The White House is criticizing House GOP Majority Leader Eric Cantor’s description of Wall Street protesters as a “mob,” saying the activists compare favorably with the tea party movement.
“I don’t understand why, you know, one man’s mob is another man’s democracy,” presidential press secretary Jay Carney said Friday.
He added that he sees “a little hypocrisy unbound” in Mr. Cantor’s comments because the GOP leader previously has described tea party activists as democracy in action.
“I think that what we’re seeing on the streets of New York is an expression of democracy,” Mr. Carney said. “I think both are expressions that are totally consistent with the American democratic tradition.”
Mr. Cantor, in a speech to the conservative Values Voter Summit in Washington Friday, said he was “increasingly concerned by the growing mobs” and criticized Democrats who are praising the protesters.
“Some in this town have actually condoned the pitting of Americans against Americans,” the Virginia Republican said.
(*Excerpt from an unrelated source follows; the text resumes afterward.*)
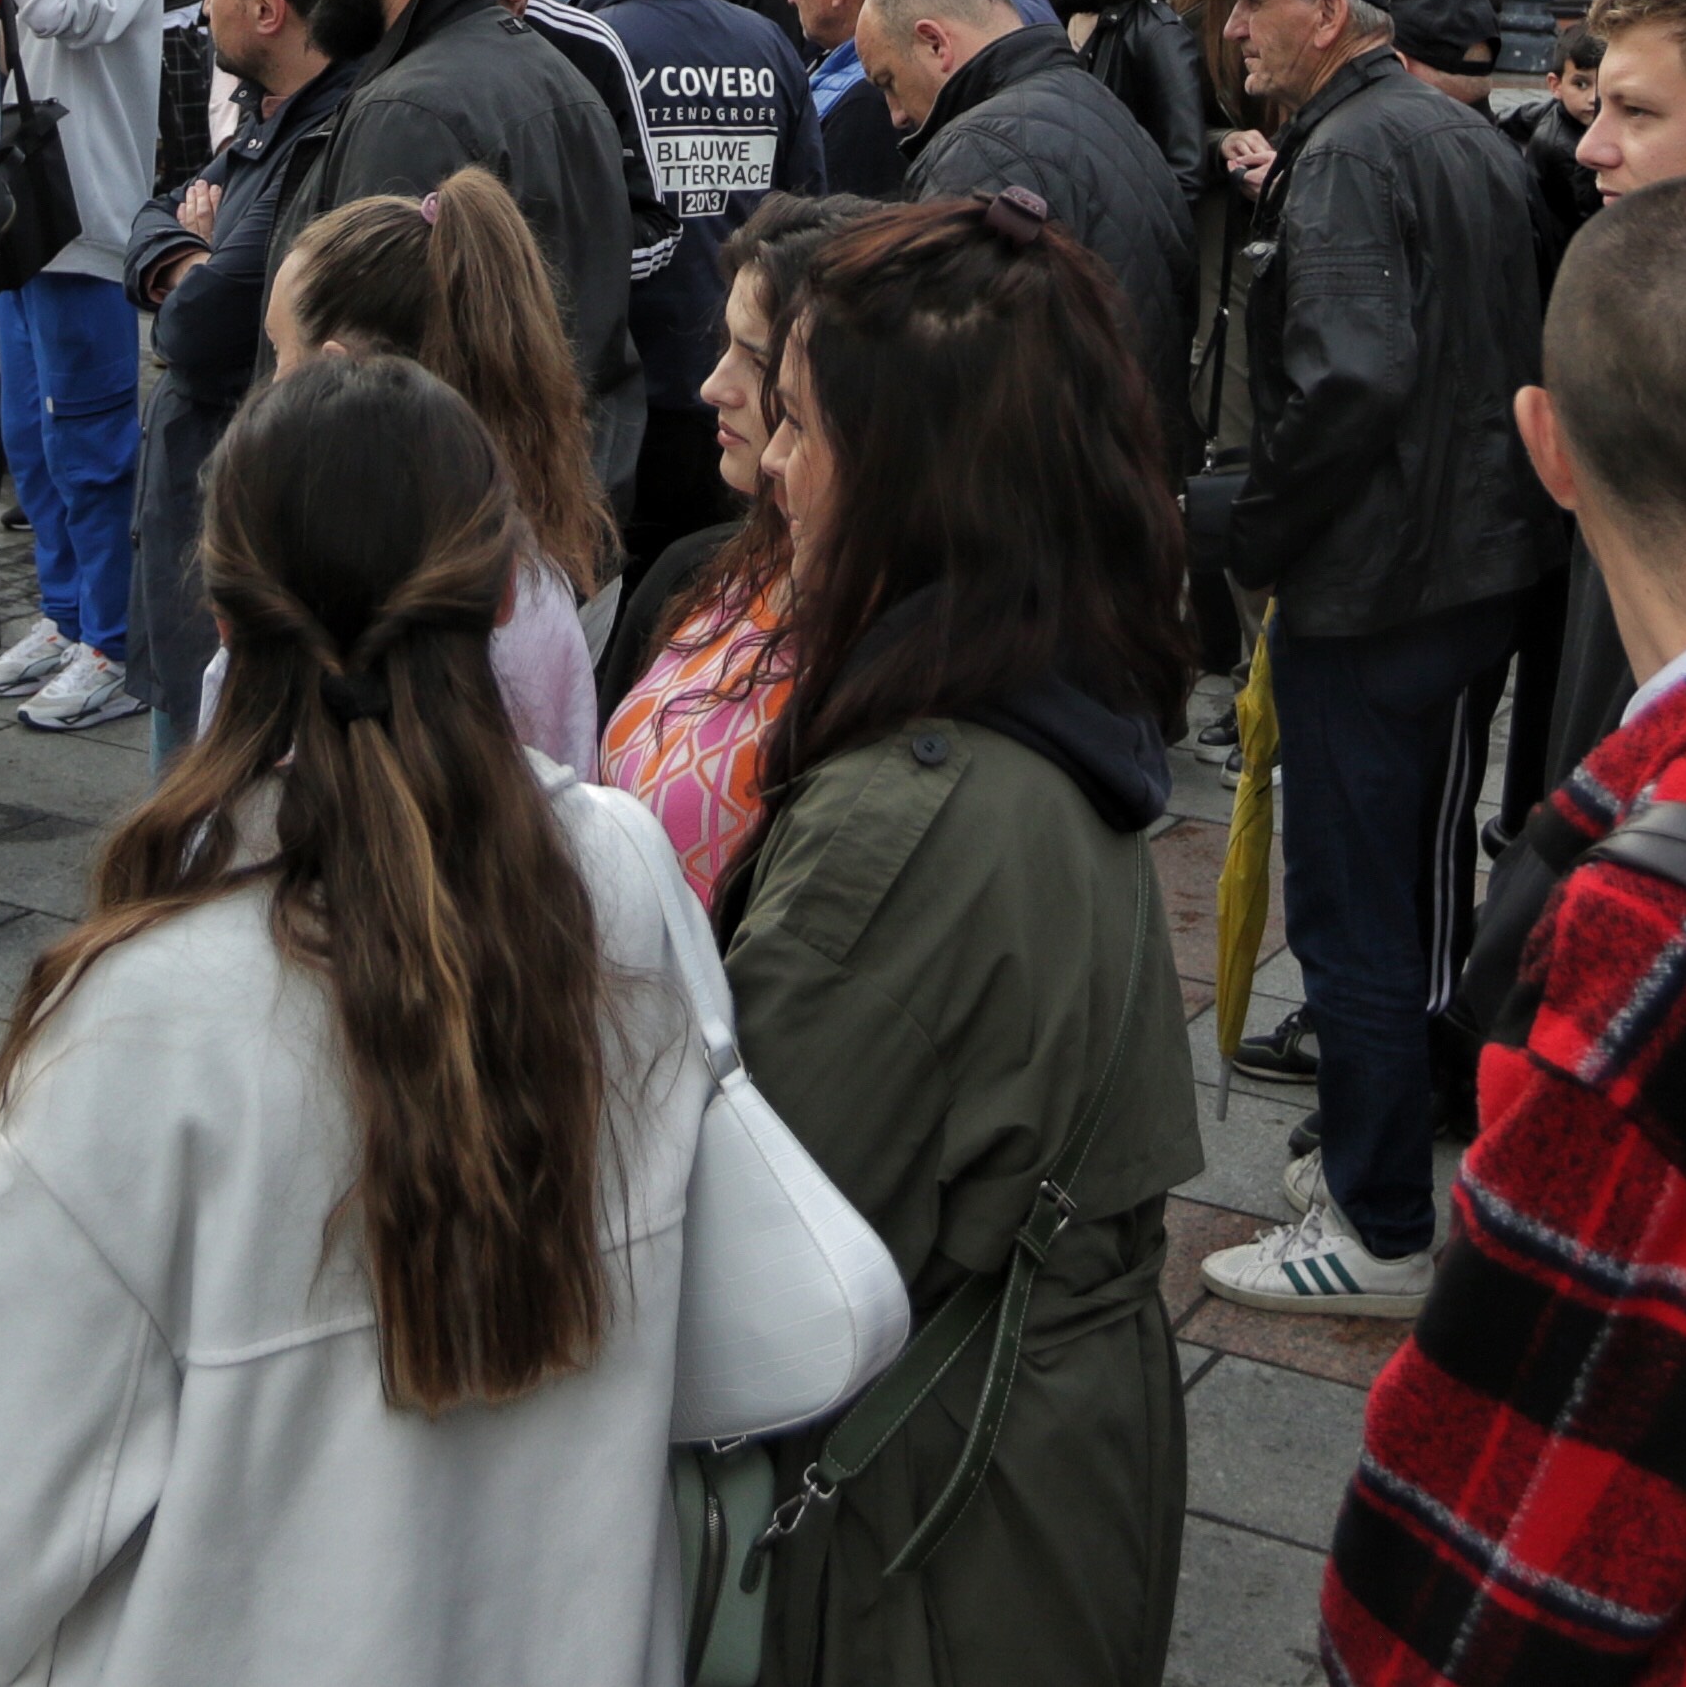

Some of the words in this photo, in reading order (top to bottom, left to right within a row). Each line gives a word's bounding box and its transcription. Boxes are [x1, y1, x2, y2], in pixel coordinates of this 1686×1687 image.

[659, 65, 775, 98] COVEBO
[656, 140, 751, 163] BLAUWE
[658, 163, 771, 187] TTERRACE
The White House comments mark the second time in less that a week that they have targeted the Virginia Republican specifically. President Obama himself in a Monday night television interview chided the House majority leader for what Mr. Obama said were delays in considering his major new jobs bill.
Mr. Obama said in a news conference Thursday the protests in New York and other cities express the frustrations many Americans feel about the financial crisis and resistance by the banking industry and Republican lawmakers to greater regulation.
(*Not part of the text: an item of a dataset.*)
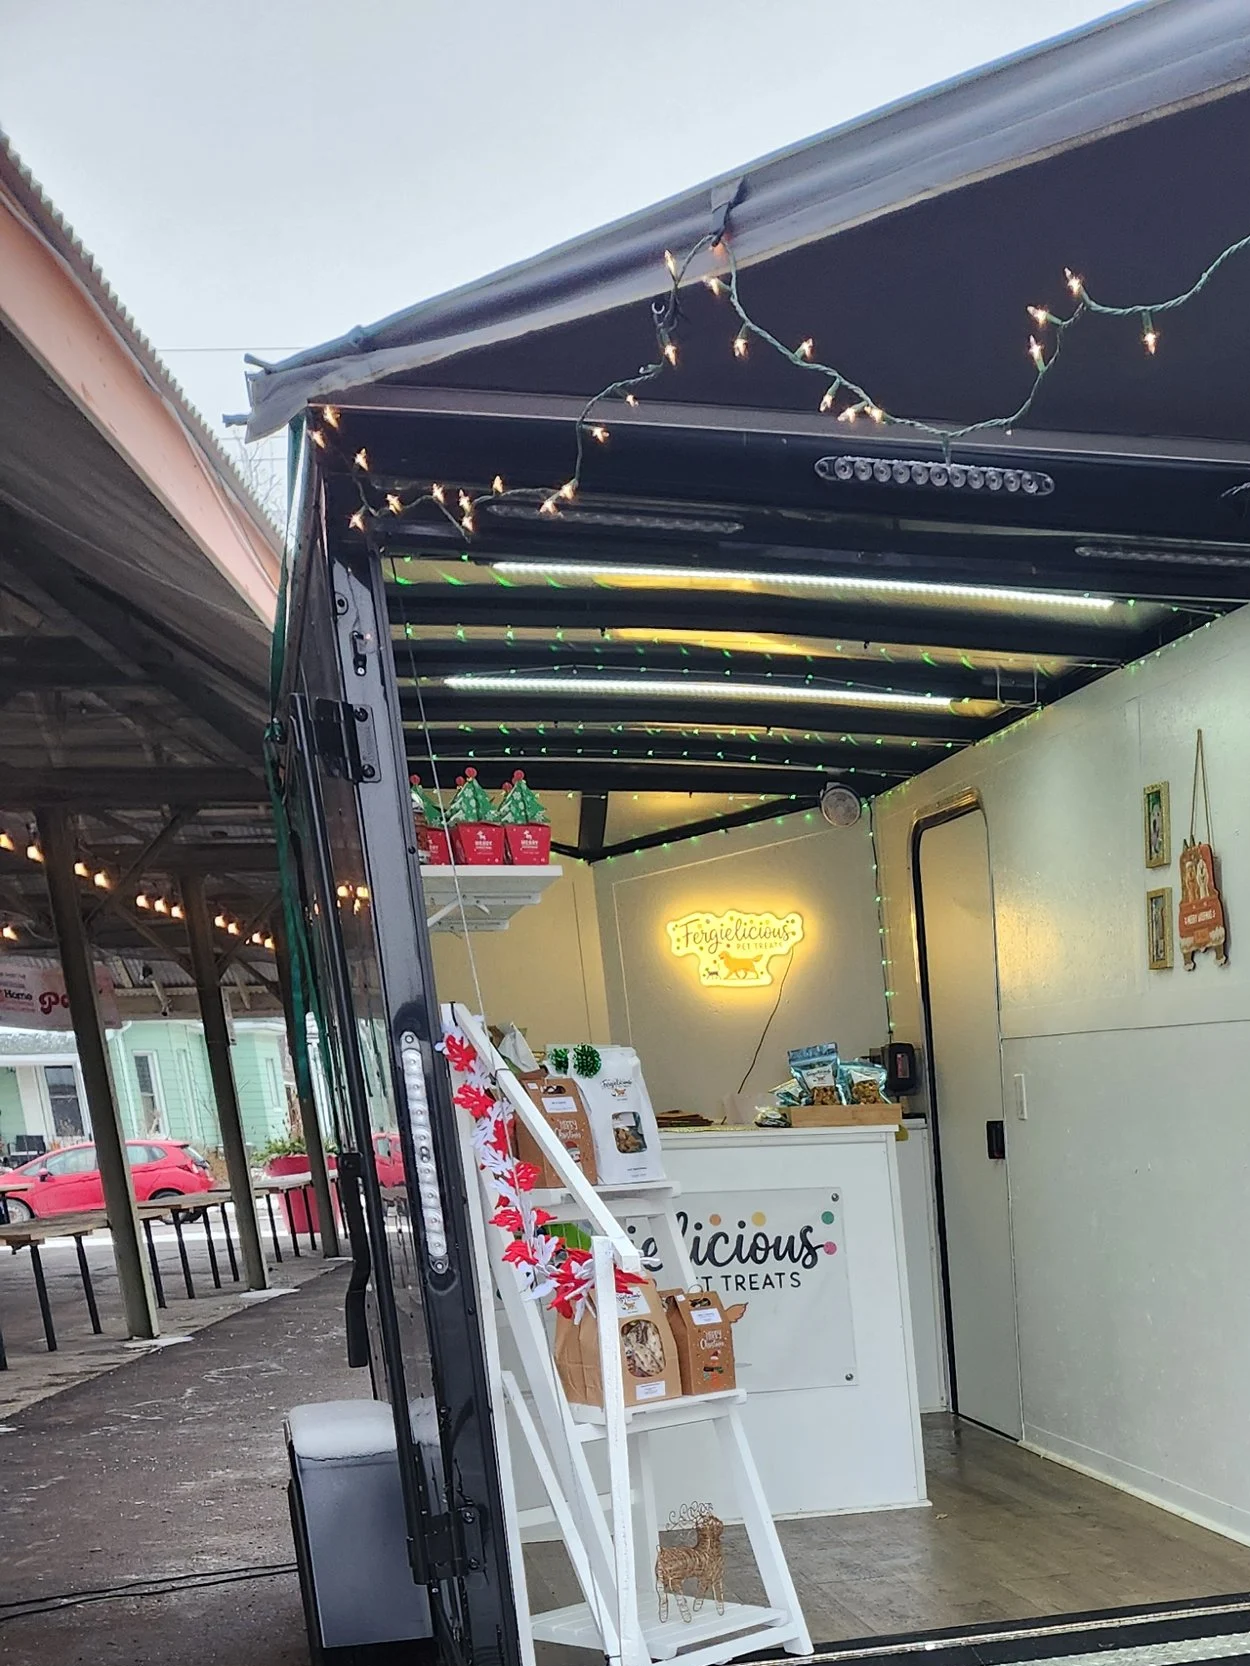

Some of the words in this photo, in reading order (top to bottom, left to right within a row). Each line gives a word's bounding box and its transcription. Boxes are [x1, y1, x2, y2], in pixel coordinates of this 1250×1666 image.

[679, 917, 793, 955] Fergielicious
[736, 942, 751, 950] PET
[721, 1272, 801, 1292] TREATS
“You’re still seeing some of the same folks who acted irresponsibly trying to fight efforts to crack down on abusive practices that got us into this problem in the first place,” Mr. Obama said. “The protesters are giving voice to a more broad-based frustration about how our financial system works.”
He blamed Republicans for opposing Richard Cordray, his nominee to head the new Consumer Financial Protection Bureau that will oversee banking practices.
“Republicans have threatened not to confirm him not because of anything he’s done, but because they want to roll back the whole notion of having a consumer watchdog,” Mr. Obama said. “You’ve got Republican presidential candidates whose main economic policy proposals is we’ll get rid of the financial reforms that are designed to prevent the abuses that got us into this mess in the first place.”
The Senate Banking Committee voted along party lines Thursday to approve Mr. Cordray’s nomination, but Republicans have vowed to block the appointment unless structural changes are made to the new agency to allow more congressional oversight of its budget and operations.